I’ve just had a child and would like to find out whether they have CMT. Is it possible to have a genetic test?
This is a matter of debate. Most doctors do not recommended genetic tests on children who have no signs of CMT. Children can make their own decision as to whether they want testing when they are 18. If they do develop possible signs or symptoms of CMT during childhood, they should have a genetic test in the same way as adults to confirm the diagnosis.
However, many people with CMT believe that parents should be able to ask for genetic testing to be carried out on their children – a case of forewarned is forearmed. CMT United Kingdom’s position on this sensitive issue is that asymptomatic testing (i.e. before there are any noticeable symptoms) ought to be available to any parent who requests it – after suitable genetic counselling.

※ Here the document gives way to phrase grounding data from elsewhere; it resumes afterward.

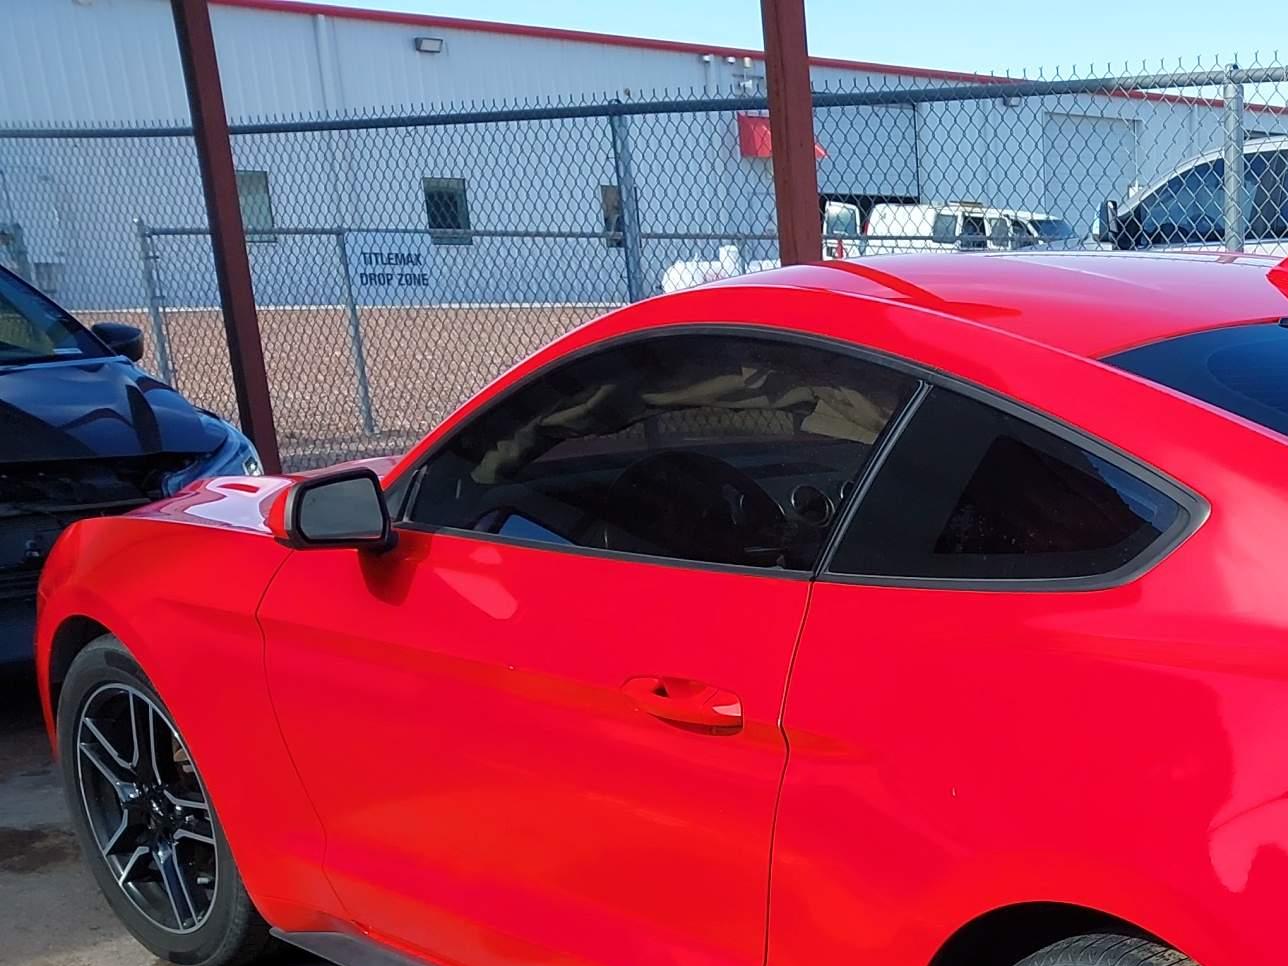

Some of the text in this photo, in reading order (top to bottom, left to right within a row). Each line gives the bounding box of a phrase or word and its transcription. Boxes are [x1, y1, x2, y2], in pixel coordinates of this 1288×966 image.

[361, 252, 423, 266] TITLEMAX
[360, 273, 429, 286] DROP ZONE
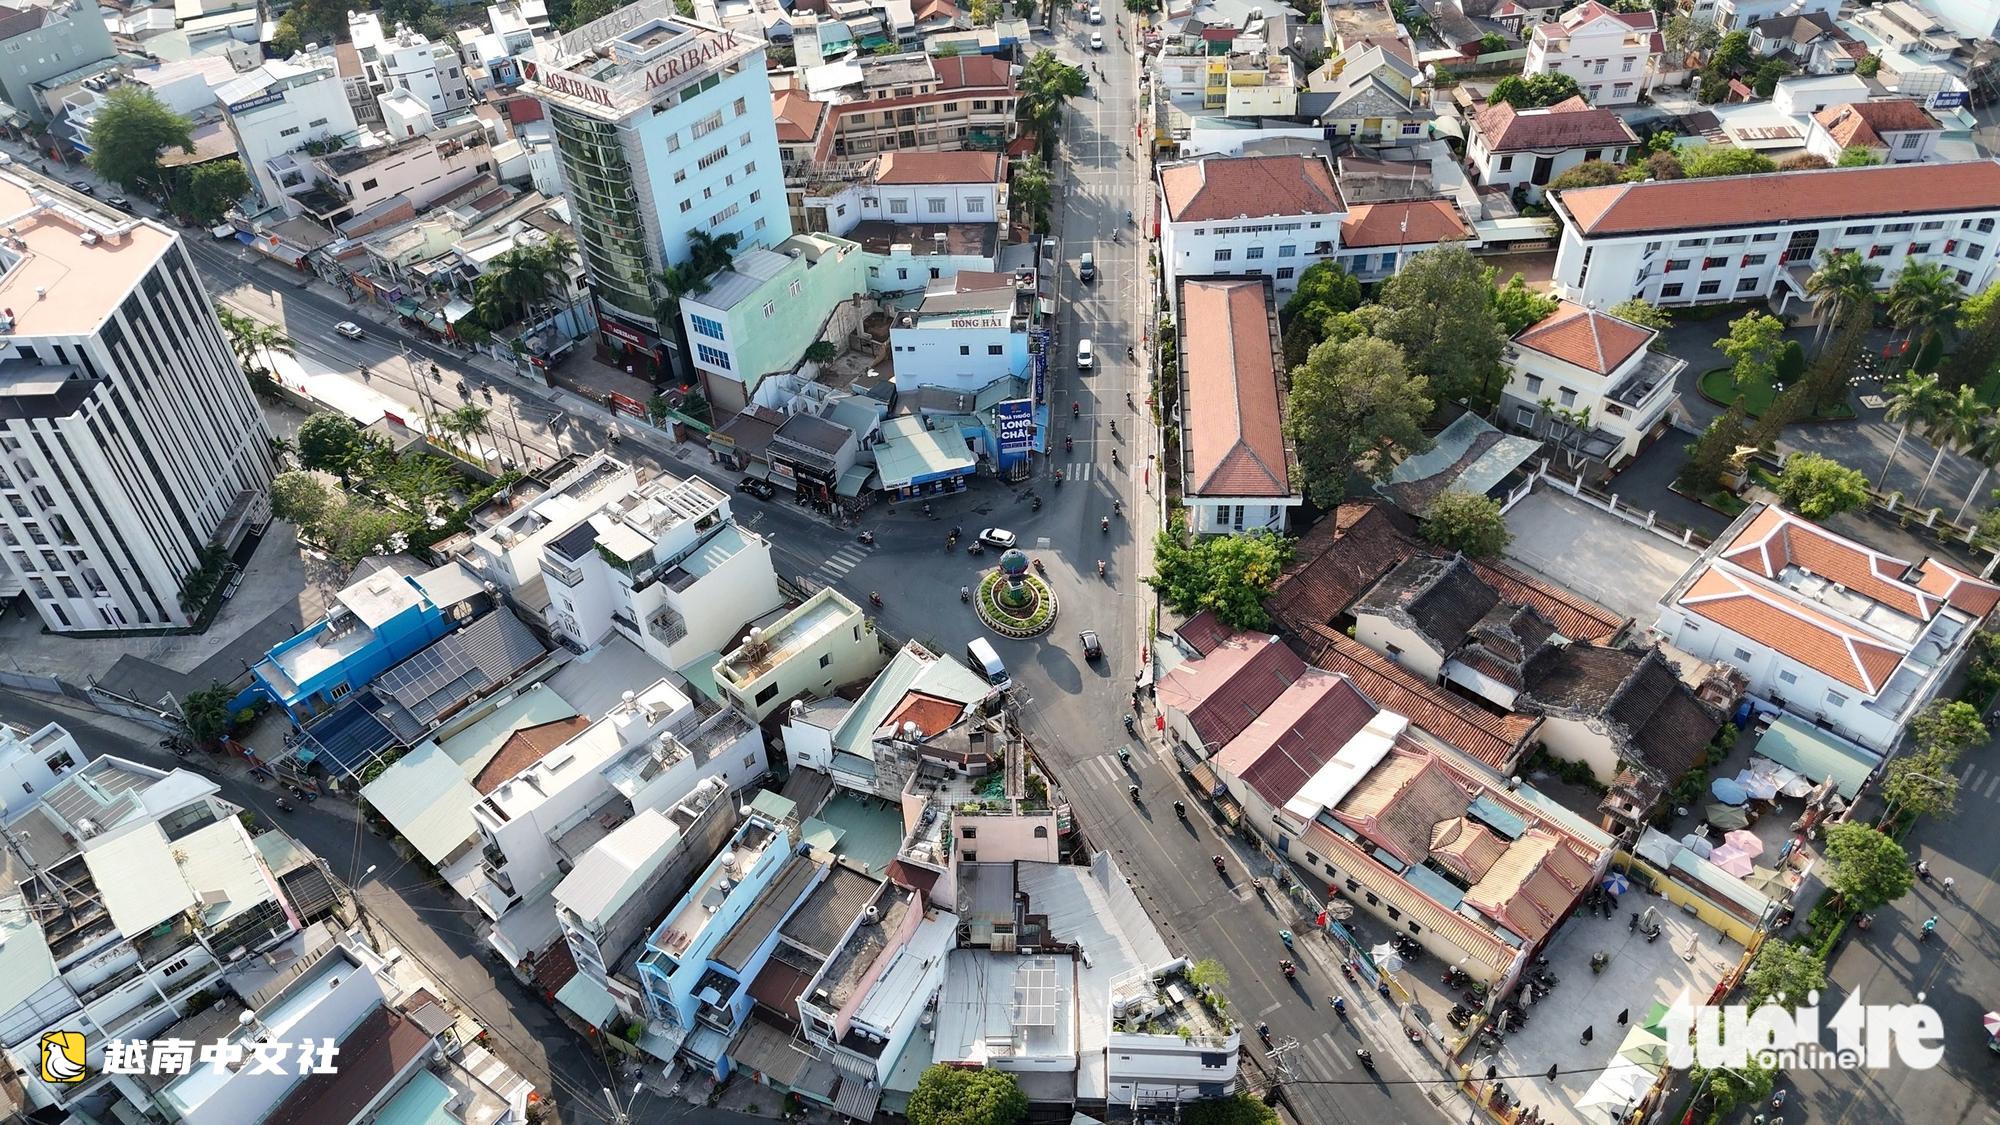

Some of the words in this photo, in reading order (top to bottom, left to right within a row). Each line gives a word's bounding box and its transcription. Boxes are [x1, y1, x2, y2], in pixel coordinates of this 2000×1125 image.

[645, 29, 738, 91] AGRIBANK
[546, 72, 614, 108] AGRIBANK
[1002, 419, 1031, 430] LONG

It is possible that very early diagnosis could lead to earlier interventions (like physiotherapy or orthotics), ultimately having a positive long-term effect.
What is a chromosome?
A chromosome is the biological equivalent of an enormous volume of instructions or recipes: each individual recipe or instruction is called a gene. Our chromosomes are responsible for the way that each of the 10,000 trillion cells which form the human body behaves.
Apart from the sex cells (sperm and egg) each human cell has two copies of each of the 23 types of human chromosome. This amounts to 46 single chromosomes in each cell nucleus. We inherit a single full set of 23 chromosomes from each of our parents.

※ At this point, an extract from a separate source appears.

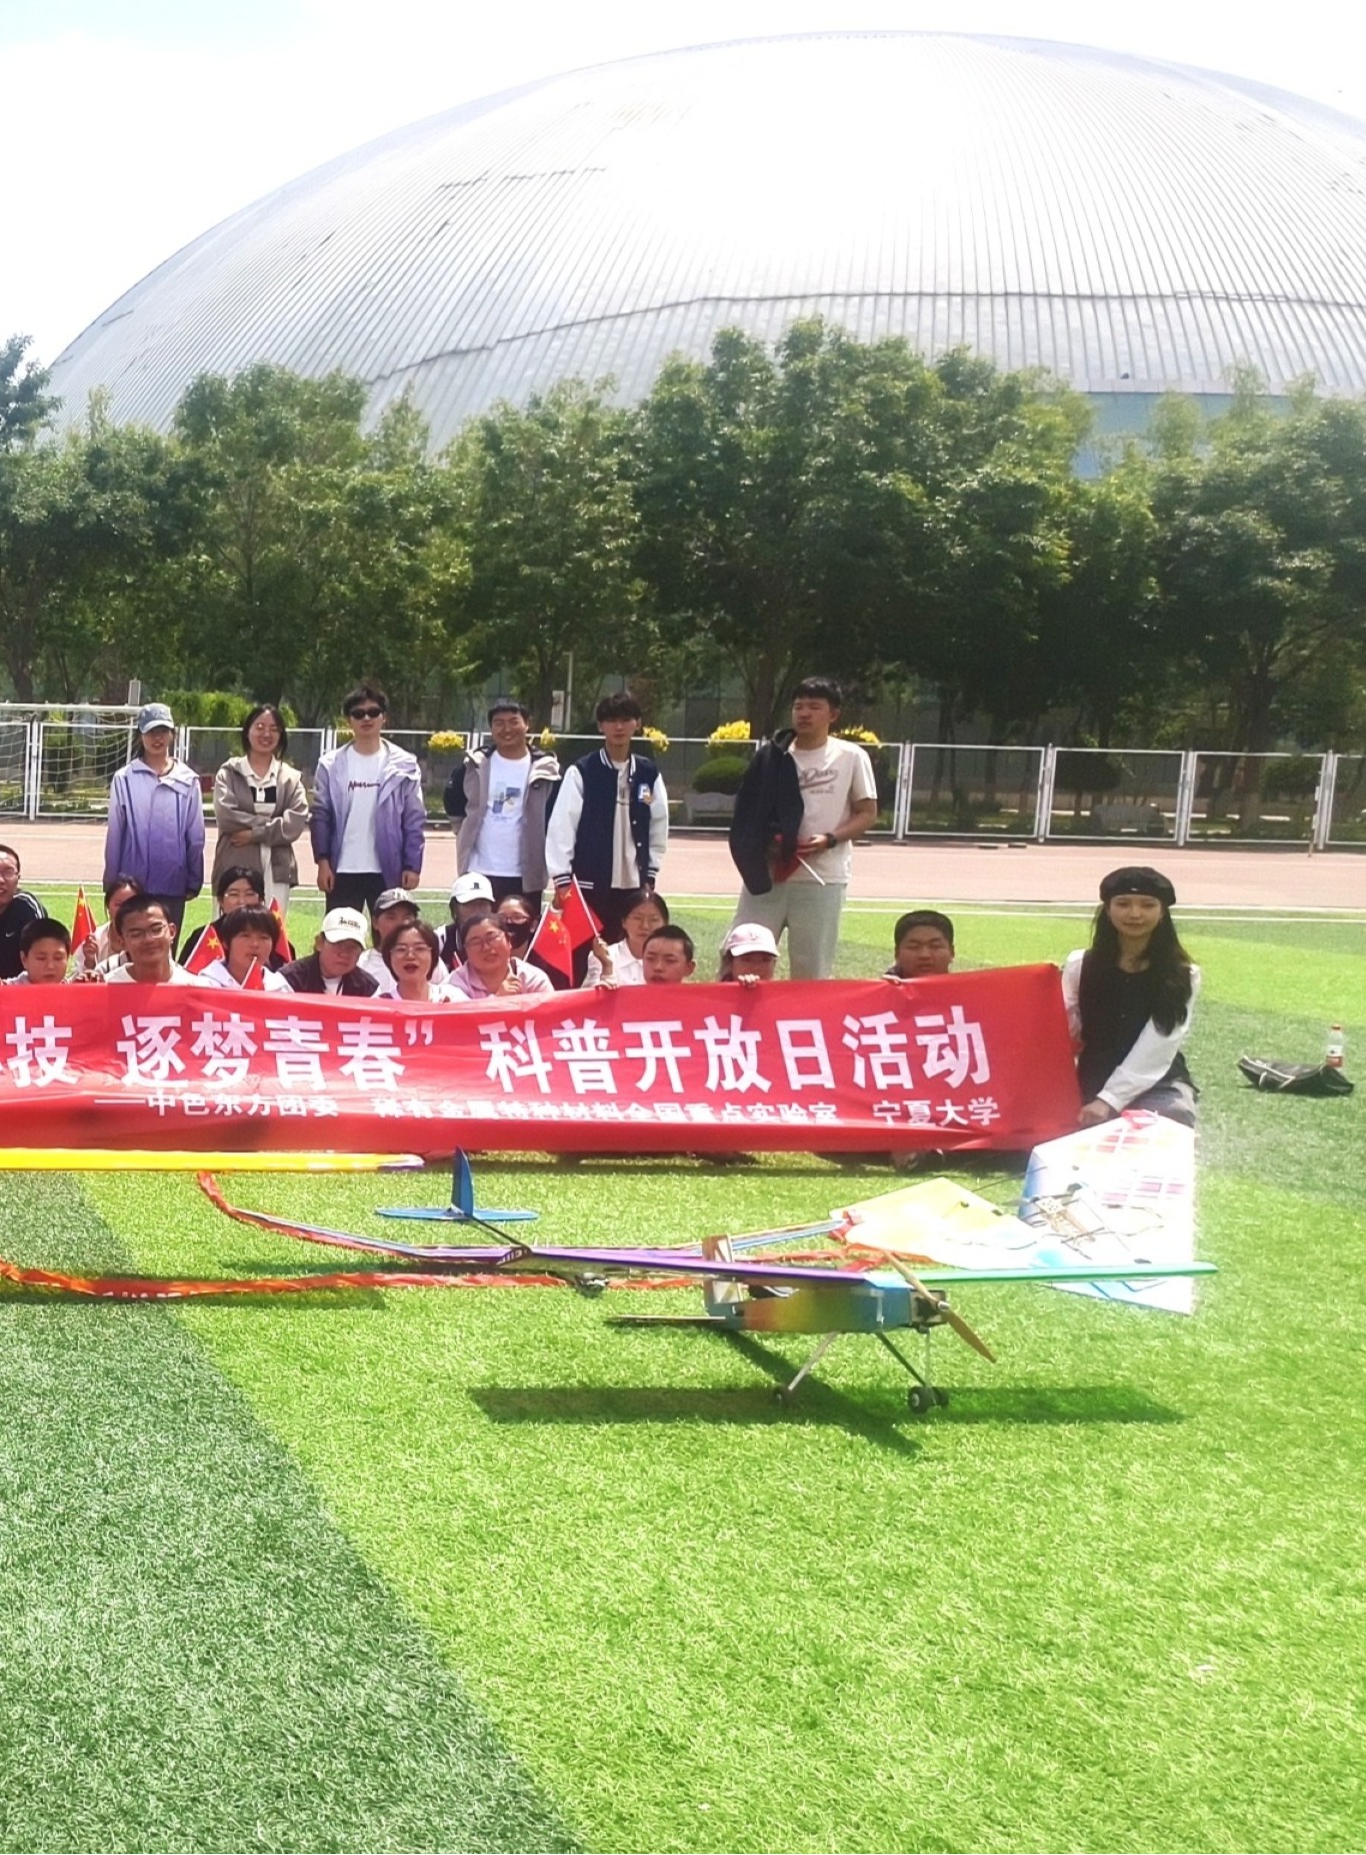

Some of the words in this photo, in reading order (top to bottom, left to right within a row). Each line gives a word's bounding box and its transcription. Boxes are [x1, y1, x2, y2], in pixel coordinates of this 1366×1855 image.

Twenty-two of our chromosomes are known as autosomal and these are the same in boys and girls. The twenty third pair is our pair of sex chromosomes, the X and the Y chromosomes. If we have two Xs we become female and if we have an X and a Y, we become male.
If we have children, one of our sex cells (a sperm cell or an egg cell) merges with our partner’s sex cell. This newly-fertilised egg cell then contains the full 23 pairs of chromosomes. This cell divides and multiplies and eventually forms a new human being.
Can women get ‘X-linked’ CMT?
If you are a woman and carry the X-linked gene you may be completely unaffected, in which case you are known as a carrier. If you are affected, this is usually more mildly than in a male. This variability occurs because women use only one of their two X chromosomes in any one cell: which X is used in each patch of tissue is decided early in development and varies randomly. The two copies of the CMT-X gene may be employed about equally (in which case the woman will be affected more mildly than a male) but sometimes the affected copy is used predominantly and then she may be affected much as a man might be.